I change it up based on the constituency. The underlying message is the same: information wants to be free and accessible, and how do we, as libraries, promote this very noble cause? But [for different constituents] the message has to be different—it has to be packaged differently—and I try to do that. For faculty, what I [ask myself] is: What are their needs? What is their reward system? Why would they want to contribute to something open access? They’re really busy getting their tenure. They’re really busy doing their research. Yes, it’s a noble cause, and it’s fabulous, but there’s no reward for them. So I have to package it in a way where I can tie it in with things that might be beneficial to them: it will help you in your research, it will help your coworkers in their research, and it will help you get your name out as a champion of open access.
With students, it’s a different message. You have to package it in a way that makes the most sense to them so they feel they have a reason to commit. Noble ideas are great, but unless you can relate to them, the commitment’s always going to be at a very low level. When you can get people to relate to it and see that they have a stake in it, they’ll be able to commit more easily.
You cover a lot of bases, including systems administration, the IR, and MOOCs. What do you think is the most important computing issue libraries are facing right now?

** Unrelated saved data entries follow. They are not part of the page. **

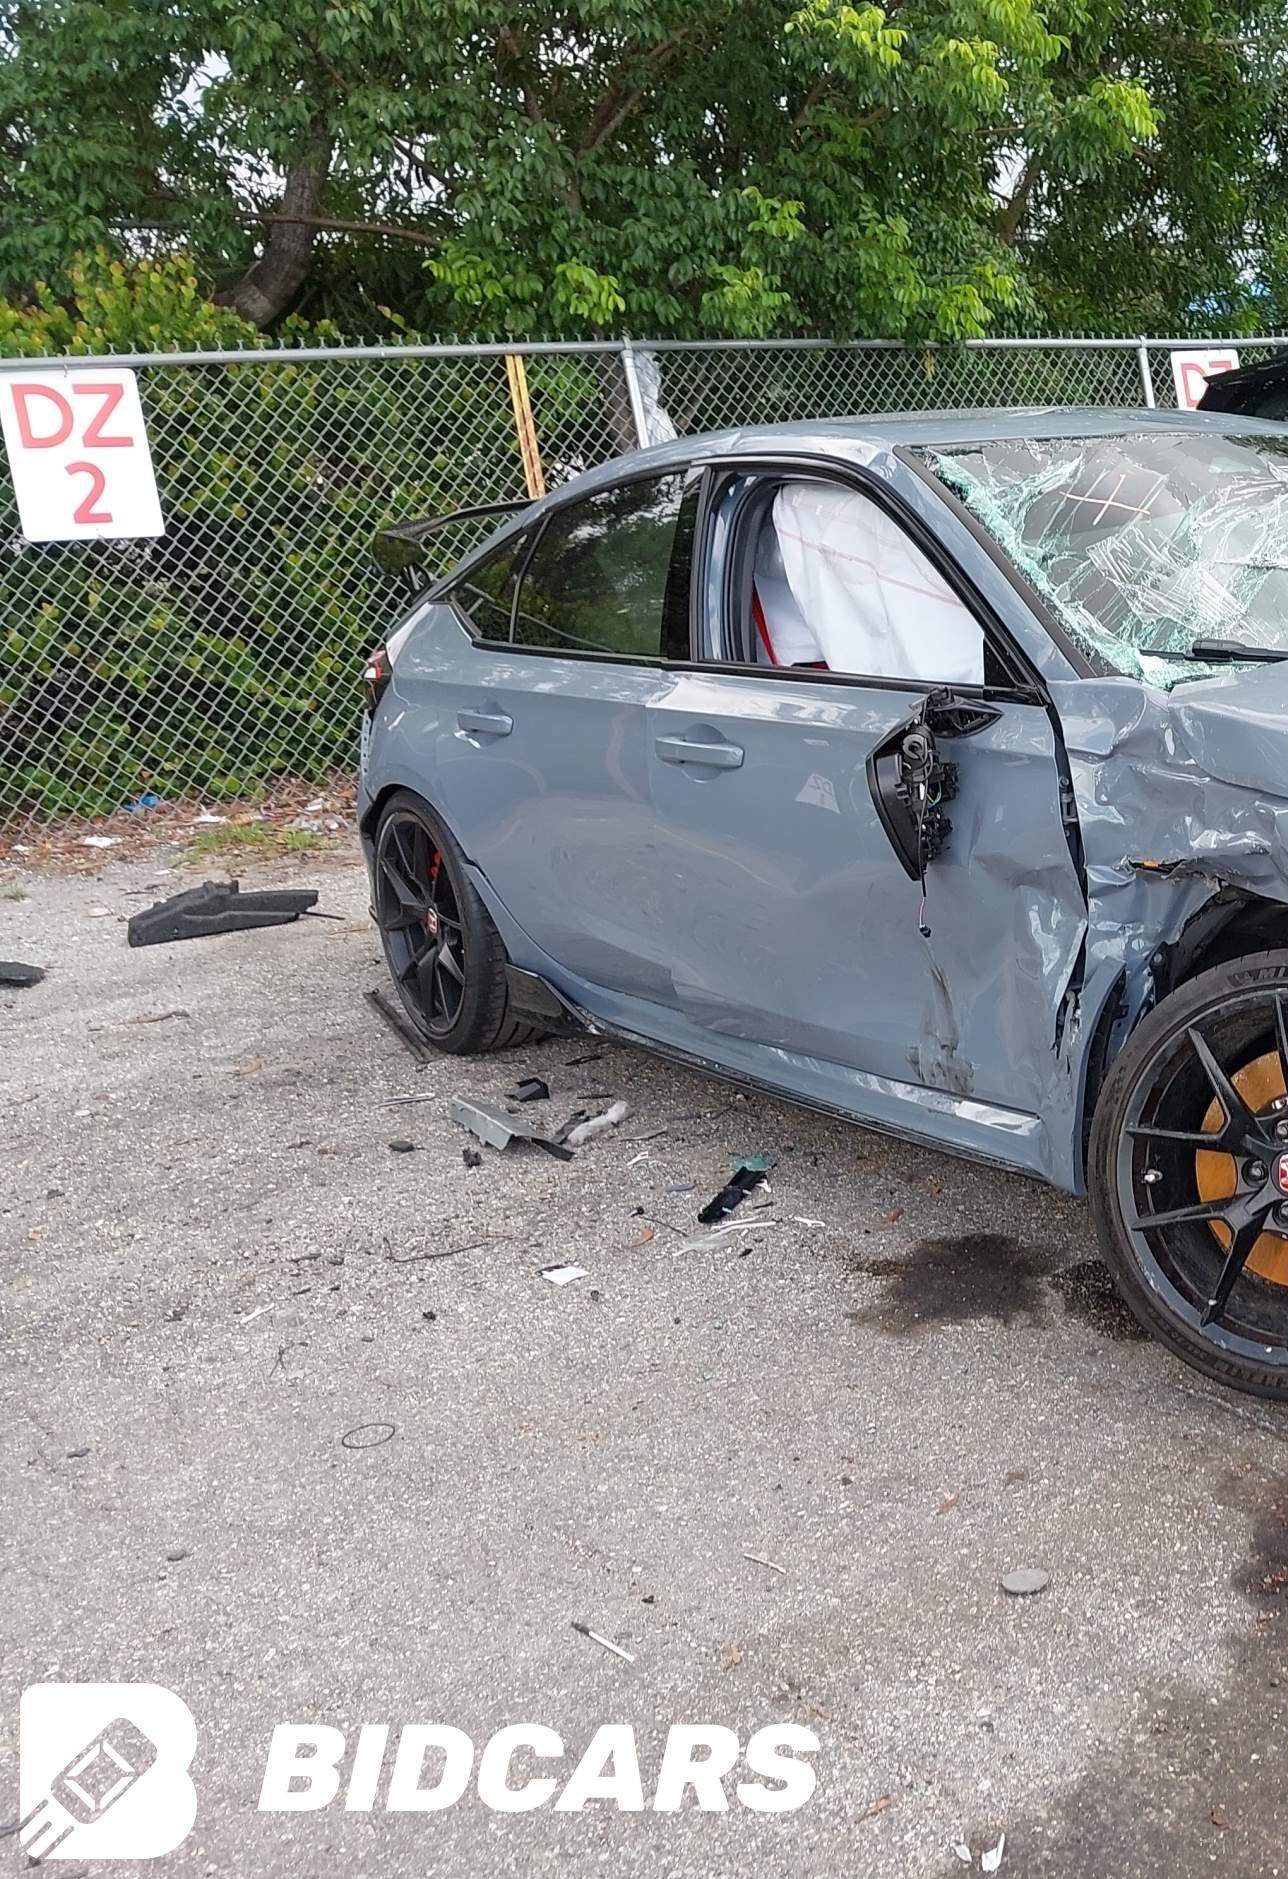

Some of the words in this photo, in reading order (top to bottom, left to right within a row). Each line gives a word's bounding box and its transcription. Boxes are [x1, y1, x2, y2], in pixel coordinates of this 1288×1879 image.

[11, 383, 134, 449] DZ
[1180, 360, 1232, 408] D
[64, 461, 113, 525] 2
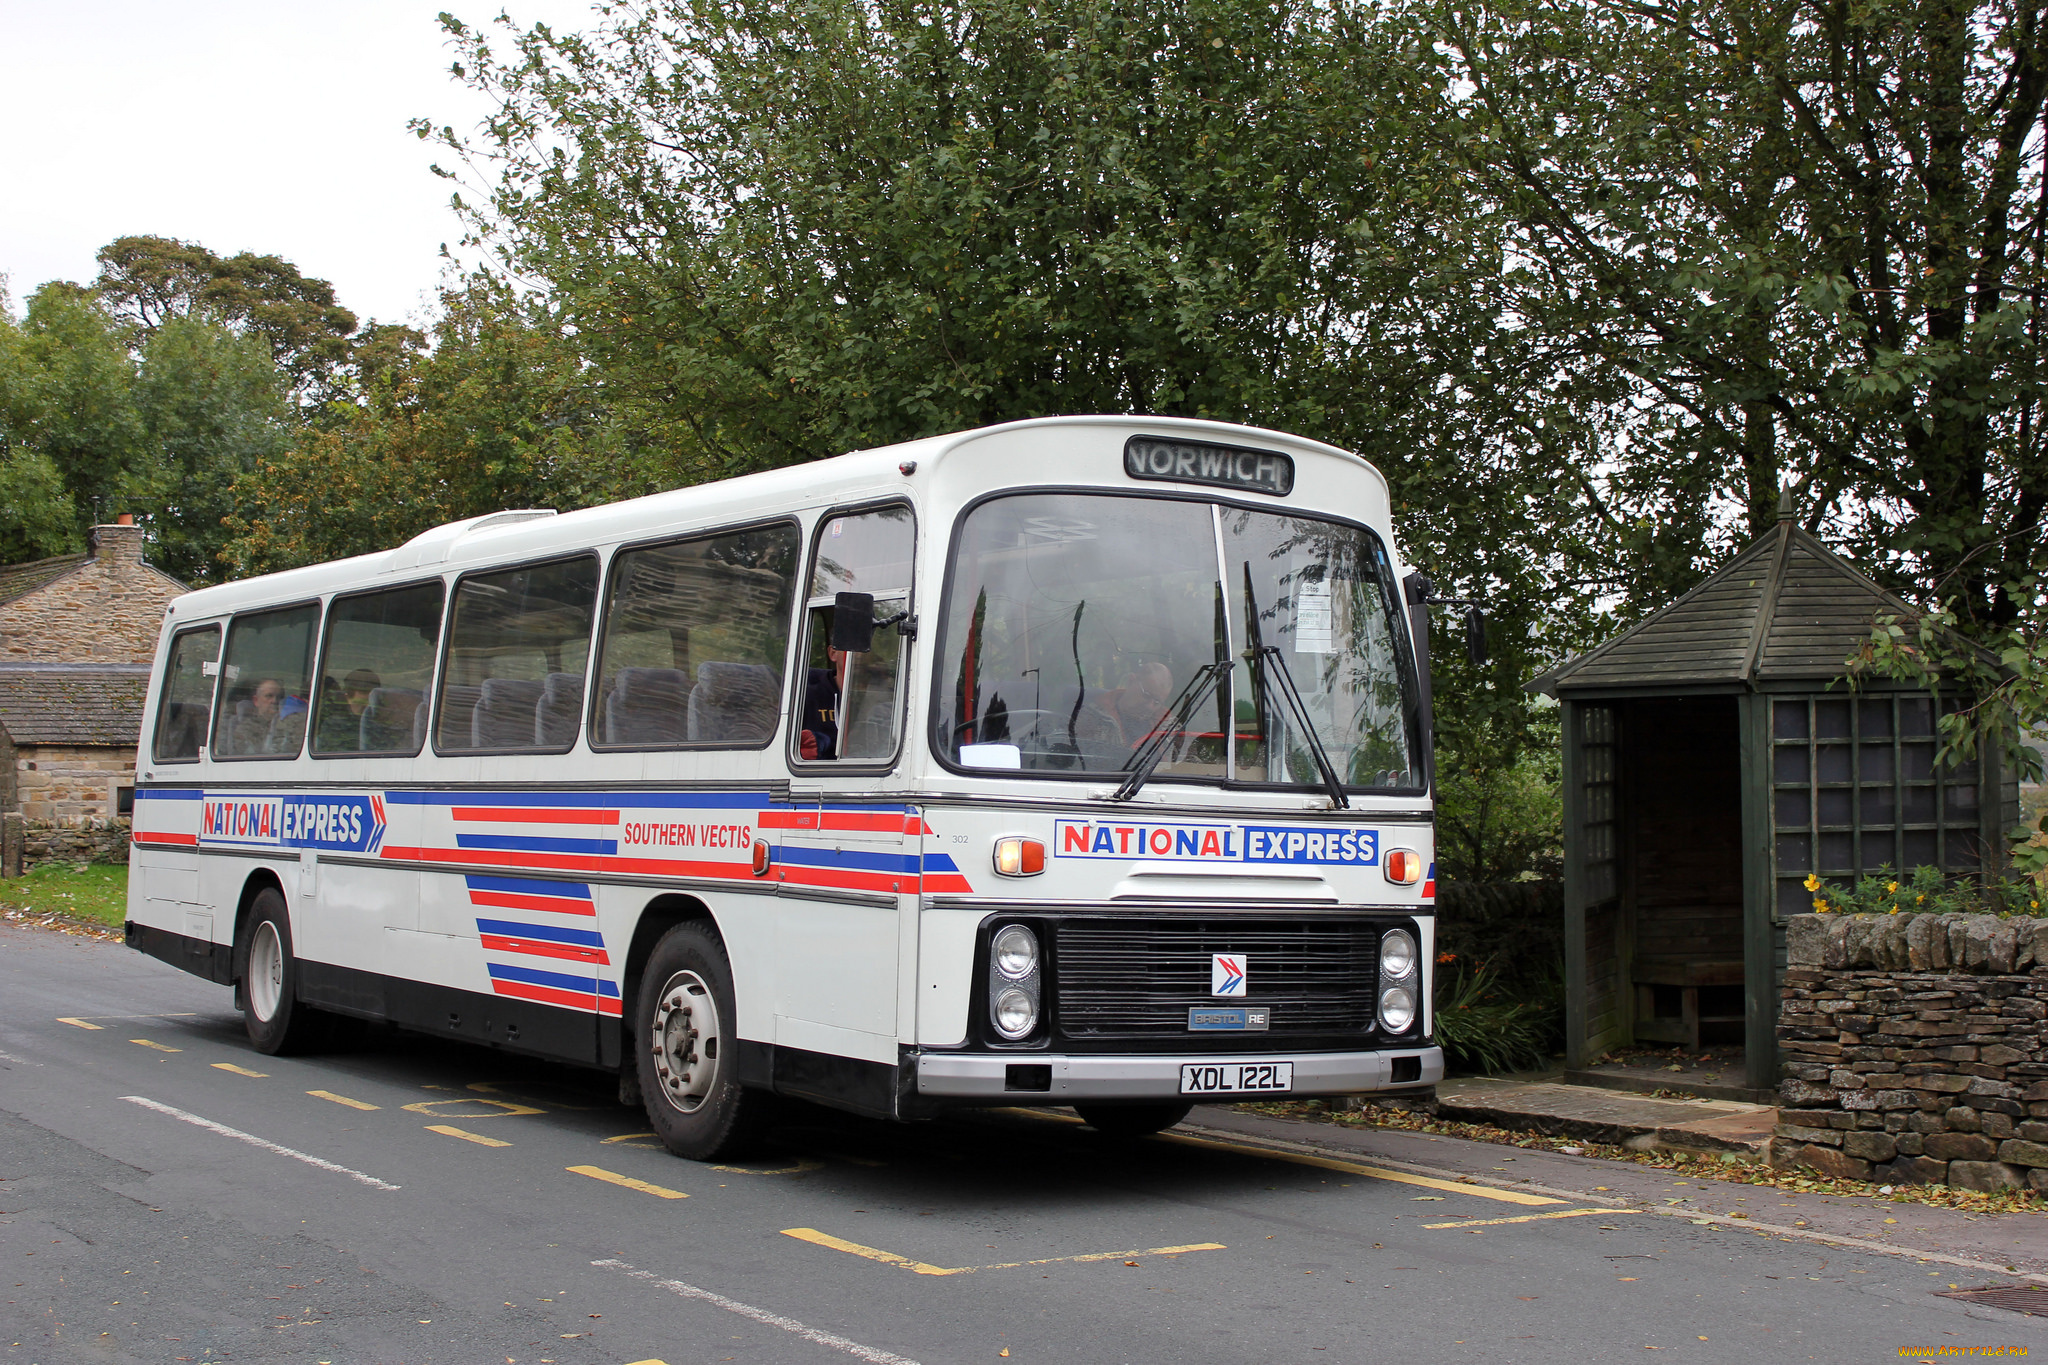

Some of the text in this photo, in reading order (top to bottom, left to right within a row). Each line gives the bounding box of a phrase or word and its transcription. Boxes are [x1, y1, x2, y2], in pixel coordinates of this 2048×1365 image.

[1128, 443, 1277, 483] NORWICH
[203, 801, 363, 844] NATIONAL EXPRESS
[624, 822, 751, 849] SOUTHERN VECTIS
[952, 835, 969, 844] 302
[1064, 825, 1376, 861] NATIONAL EXPRESS
[1194, 1014, 1265, 1025] BRISTOL RE
[1189, 1066, 1285, 1091] XDL 122L

I think the most important computing issue we’re facing is sustainability as we develop very specialized library applications. If I have a specific need and I go ahead and develop something very specific to meet my need with the one developer I have, how do I go forward and sustain it? Number two, how do I make sure that another library does not spend its resources developing the same thing? A good example is Google. Most companies don’t even bother investing in developing a search engine—they know it’s not going to be worth it. Why? Google’s done the job fabulously. At libraries, we’re so enmeshed in our own internal processes that we can fail to see the bigger picture.
What are you working on now?
Right now we’re exploring digital publishing—how we can work with faculty publishing online, open journal systems, things like that. And discoverability—we have all these discovery layers, but how do we really get to our patrons? How do we make sure everything is discovered—just by putting in a search box like Summon or Primo, or are there other ways? We’re constantly exploring new ways to enhance discoverability.
However, while all this is going on we still have continuous, everyday commitment to ensuring that we’re maintaining a very robust backend infrastructure. While nobody sees it, that is the backbone that runs all the technologies that libraries operate on.
If you had to give three tips to someone in an academic library who’s interested in tech, who has ideas, and who wants to lead, what would you tell them?
- Market, market, market. Market your services. Talk about it. Don’t hide it. Don’t be humble. The more you can talk about how you can help your constituencies, the more support you will get from your administration.
- Always have clear goals and accountability for those goals: who’s responsible for what deliverable, and who’s accountable.
- Don’t stress about things that are outside of your realm of control. We all work in very hierarchical institutions, with different things we can have influence over and on. Don’t stress out. [When you’re] a leader, your people want to see you in good control of the situation. And the best way to do that is to think, if you can’t control things, it’s OK. Something else will solve the problem.